§ **PROBLEM**
All records below are to be transcribed exactly, with every picture left out.

§ **MATERIALS PROVIDED**
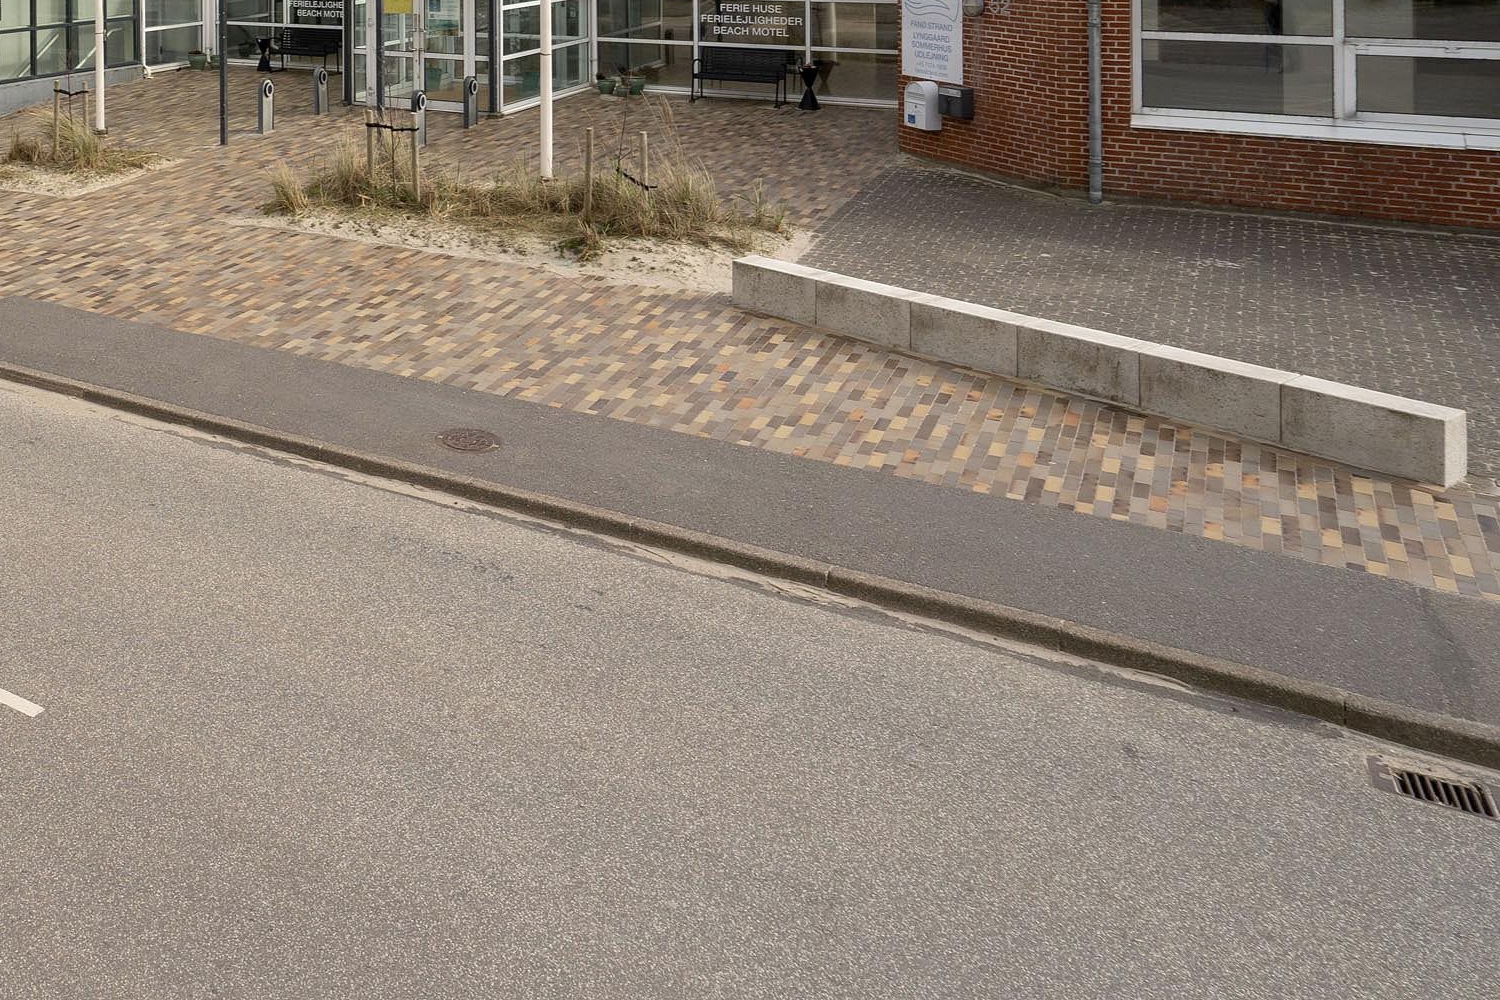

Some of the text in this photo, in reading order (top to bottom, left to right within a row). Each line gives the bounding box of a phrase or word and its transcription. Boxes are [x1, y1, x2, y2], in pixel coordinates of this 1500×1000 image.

[297, 9, 322, 17] BEACH
[720, 3, 782, 14] FERIE HUSE
[701, 14, 803, 26] FERIELEJLIGHEDER
[713, 26, 789, 37] BEACH MOTEL
[928, 22, 953, 32] STRAND
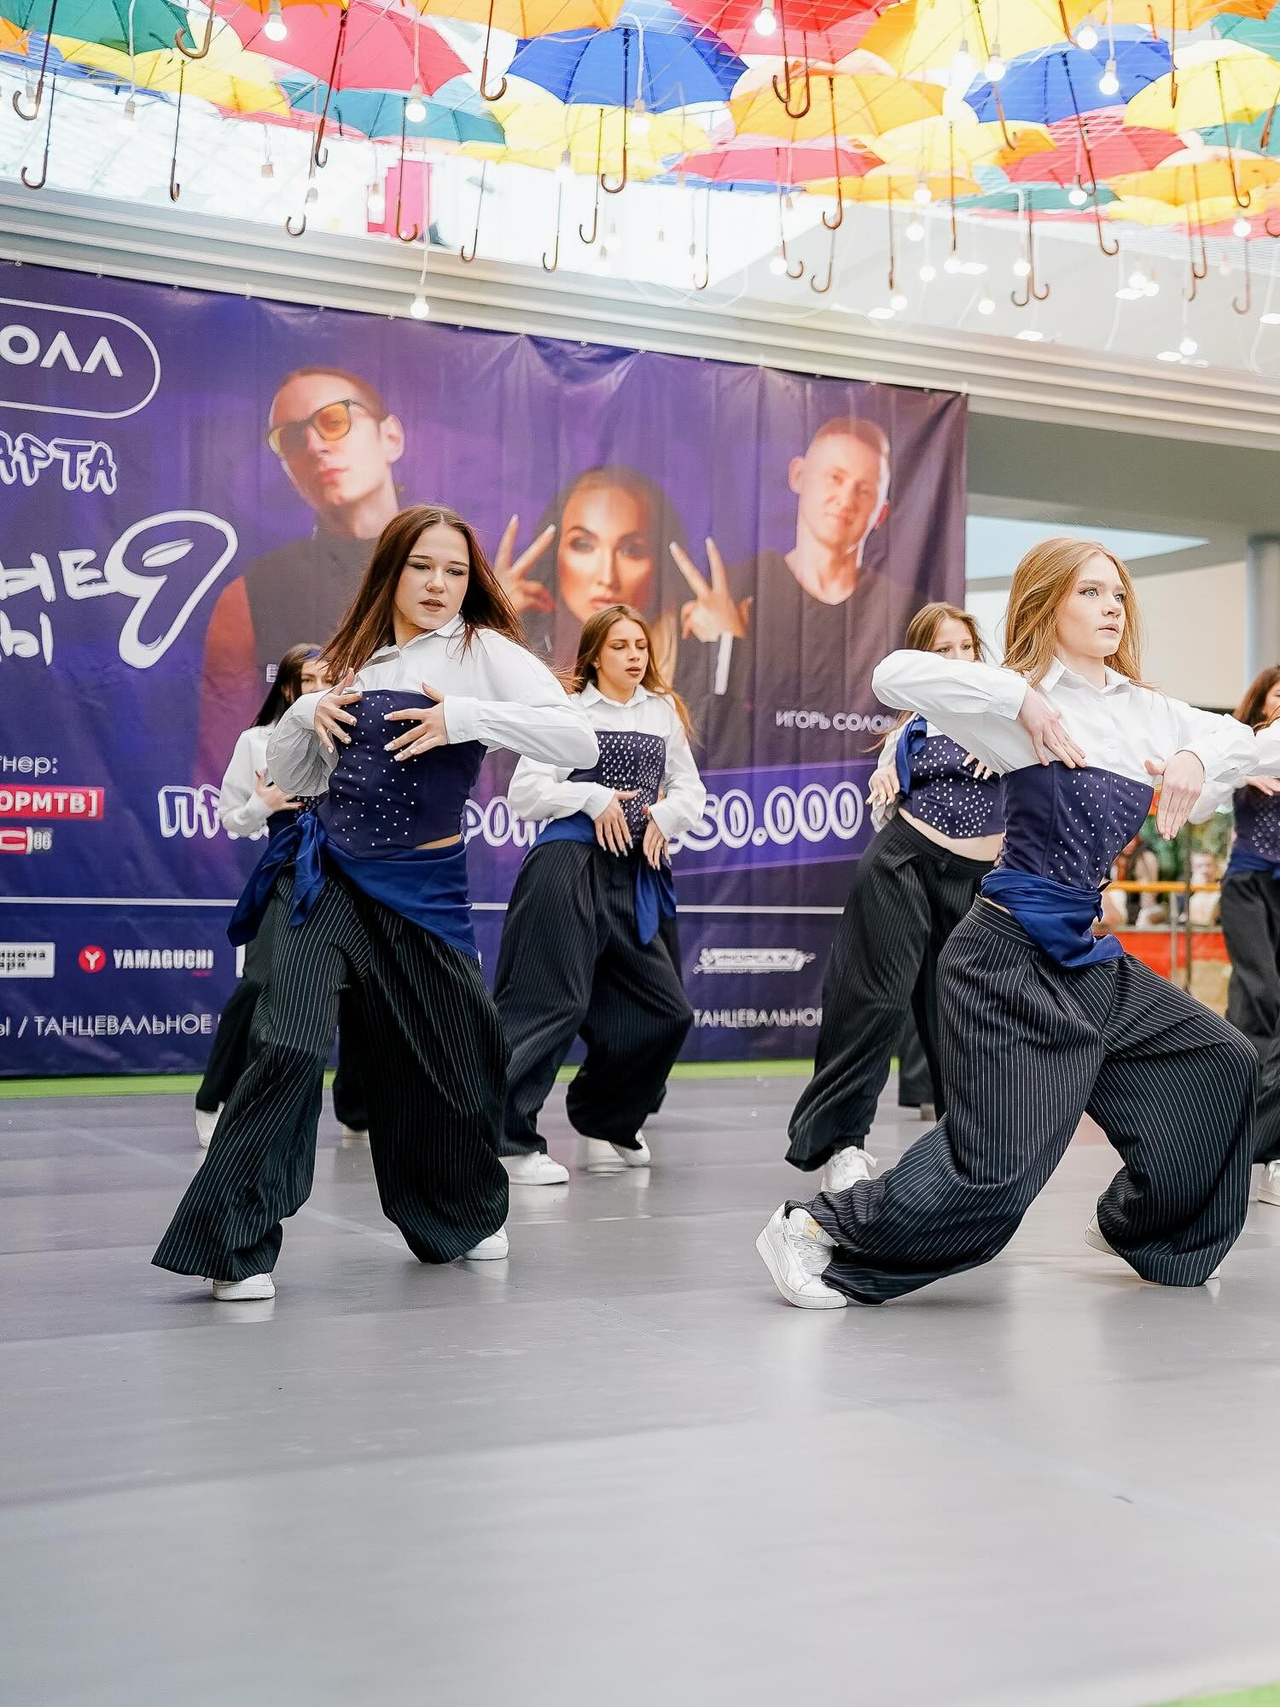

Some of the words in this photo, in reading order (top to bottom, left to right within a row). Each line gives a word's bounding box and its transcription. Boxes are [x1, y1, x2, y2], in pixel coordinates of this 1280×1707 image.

§ **ANSWER FOR THIS EXERCISE**
Some of the text in this photo, in reading order (top to bottom, left to right within a row). Each line gives the bounding box of a phrase or word and its transcription. Boxes are [x1, y1, x2, y2], in pixel coordinates of this 1500×1000 image.

[297, 9, 322, 17] BEACH
[720, 3, 782, 14] FERIE HUSE
[701, 14, 803, 26] FERIELEJLIGHEDER
[713, 26, 789, 37] BEACH MOTEL
[928, 22, 953, 32] STRAND

Some of the words in this photo, in reading order (top to bottom, left to right within a row). Each line gives a word's bounding box and its transcription. Boxes are [x1, y1, x2, y2], in pixel coordinates of this 1280×1707 image.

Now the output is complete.